This is one of my most read books. I love reading it, and enjoy it as much each time I read it as I did the first time. Not only is it my favourite book of the author's (it demonstrates what he did so well), it also illustrates what for me, makes science fiction such a fascinating genre.
My favourite sci-fi stories are built on big questions, and the core if this story is what is called an 'out of context event'. This is an event, or encounter that is so far beyond our experience or understanding that we are powerless to comprehend, let alone react to it. The Excession itself is an intriguing concept, and discovering new elements of it throughout the story was a real pull. It was also tinged with a little sadness that we will never know if there was more to tell of this event. Naturally the existence of this object draws the attention of the major players in the galaxy, and that sparks the main plot for the book.

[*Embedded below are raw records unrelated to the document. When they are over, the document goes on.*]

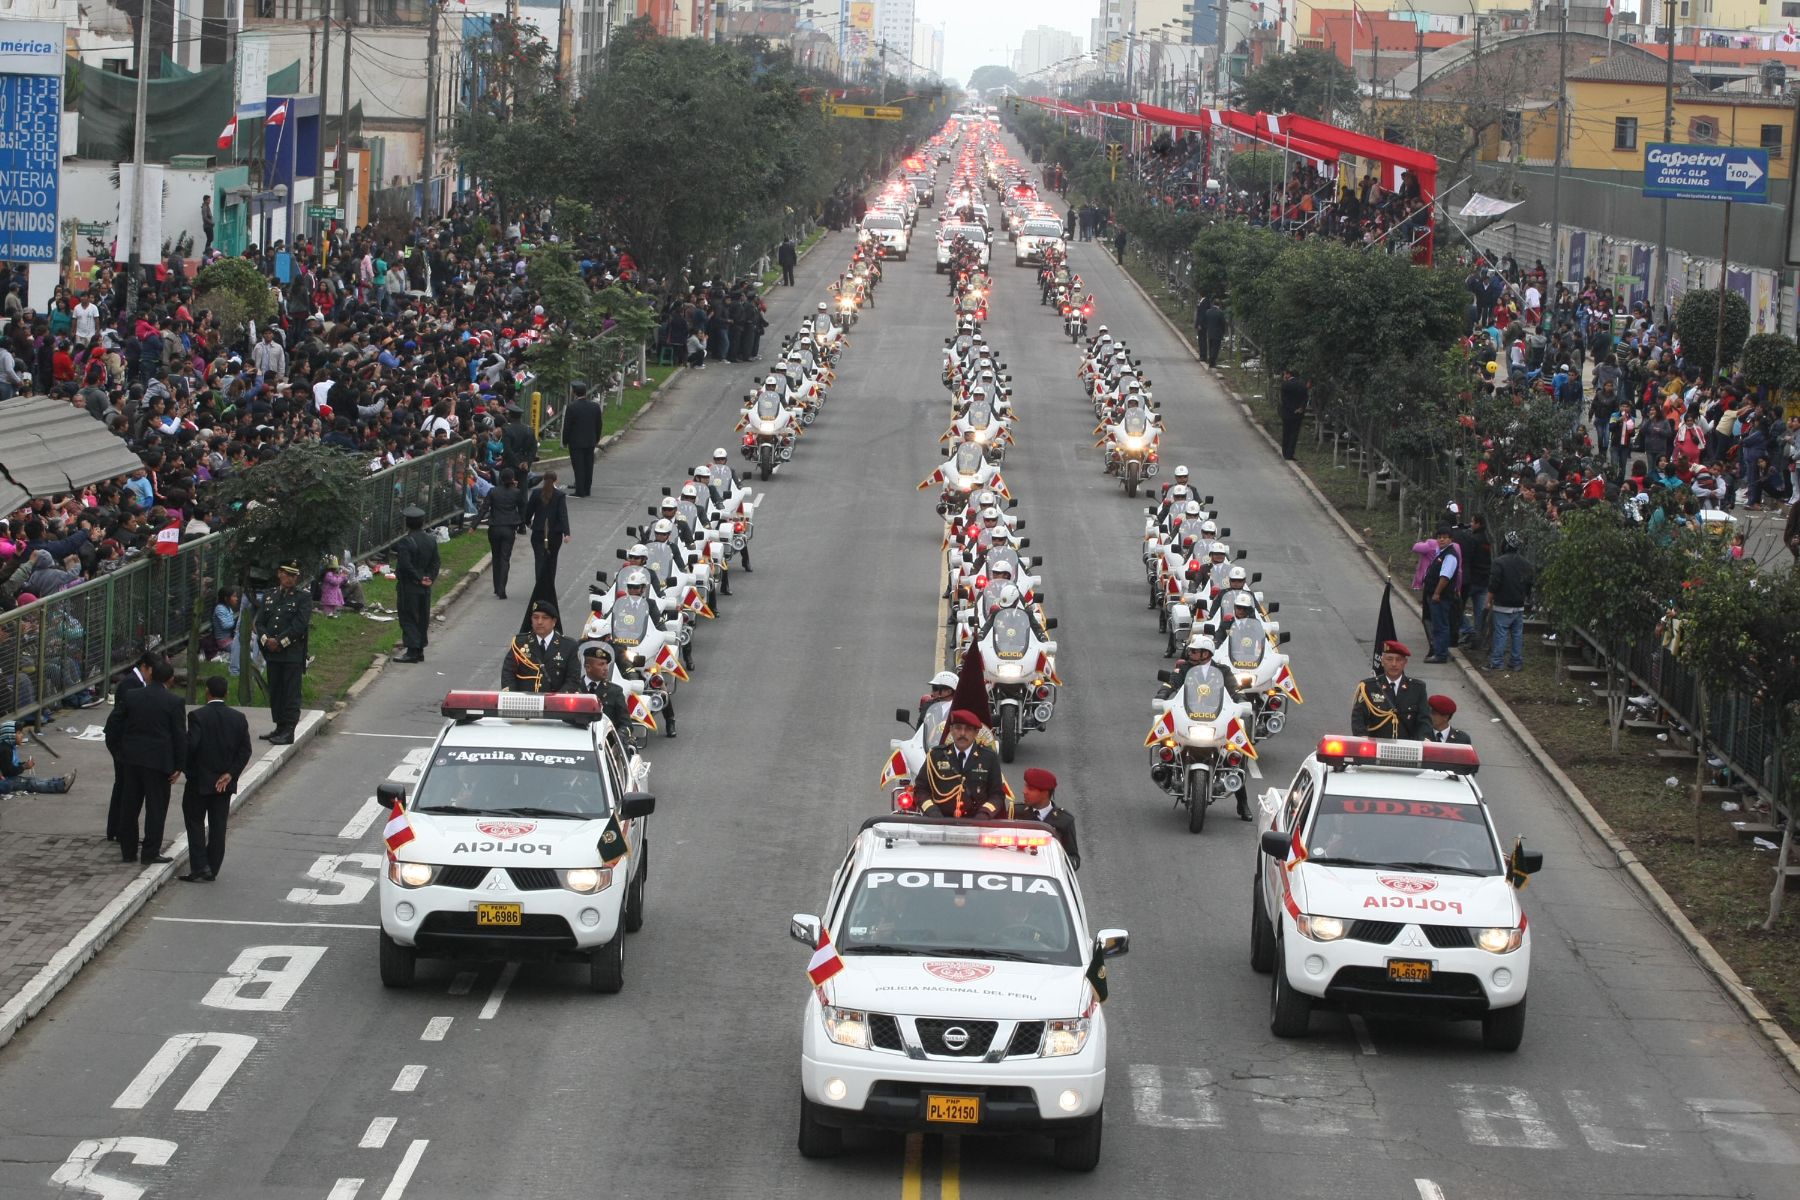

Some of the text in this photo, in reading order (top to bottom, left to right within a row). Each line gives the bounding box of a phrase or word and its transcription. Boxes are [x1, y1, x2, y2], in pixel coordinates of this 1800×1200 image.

[1, 38, 52, 54] mérica
[0, 170, 55, 189] NTERIA
[1661, 168, 1682, 176] GNV
[1688, 169, 1707, 177] GLP
[1730, 170, 1749, 178] 100
[1657, 176, 1710, 186] GASOLINAS
[0, 190, 47, 208] VADO
[0, 211, 55, 233] VENIDOS
[12, 244, 53, 258] HORAS
[1233, 660, 1259, 668] POLICIA
[1189, 711, 1216, 719] POLICIA
[1342, 799, 1466, 821] UDEX
[866, 872, 1058, 896] POLICIA
[480, 911, 518, 923] PL-6986
[1391, 968, 1428, 980] PL-6978
[922, 986, 980, 994] NACIONAL
[983, 989, 1003, 997] DEL
[1008, 992, 1038, 1001] PERU
[930, 1104, 975, 1120] PL-12150

There are other great ideas here than just the excession, one in particular is the concept of Infinite Fun, a pass time for the AI where they create universes to explore, or tweak. One of the flaws in this book is that this concept could have been developed further, but is only really introduced in this story.
For me, Ian M Banks' greatest creations were the Minds (the capital M is important! :-) ), and they are the real stars of the story. They are colossal intellects which govern the ships, and orbitals of the Culture and other races. I appreciated how the communications between them were portrayed, and he does an amazing job of showing how differently they think, not only compared to humans, but to each other. If the excession is the centre point, then the Minds are the meat of the story.
Which leads us to the human characters. They aren't quite so well drawn as the ship Minds. They provide some contrast but lack some of the depth, some of their action also feels a little contrived in how it fits along with the main action. It did illuminate a point I've considered before with the author's Culture novels in particular. His characters all tend to be quite exceptional in some manner, and it's very difficult to get a grasp of the everyday person in that universe. It no doubt says something about the Culture universe that maybe such a thing doesn't exist, but it does mean that it's difficult to place individuals within their society.
And then we have the Affront. In this story they are the quintessential alien bad-guys. But he avoids the faceless enemy trope with some fun interactions with them early on in the story. They are ridiculously cruel, but also have a certain energy about them that makes them stand out. They might not be the most imaginative aliens ever created, but they are a lot of fun!
So I've now read this book at least a dozen times, and it remains a firm favourite of mine. If you've not read any of the author's other works, then it might not be the best one to start with, buit well worth a read.
Two and a half millennia ago, the artifact appeared in a remote corner of space, beside a trillion-year-old dying sun from a different universe. It was a perfect black-body sphere, and it did nothing. Then it disappeared.
Now it is back.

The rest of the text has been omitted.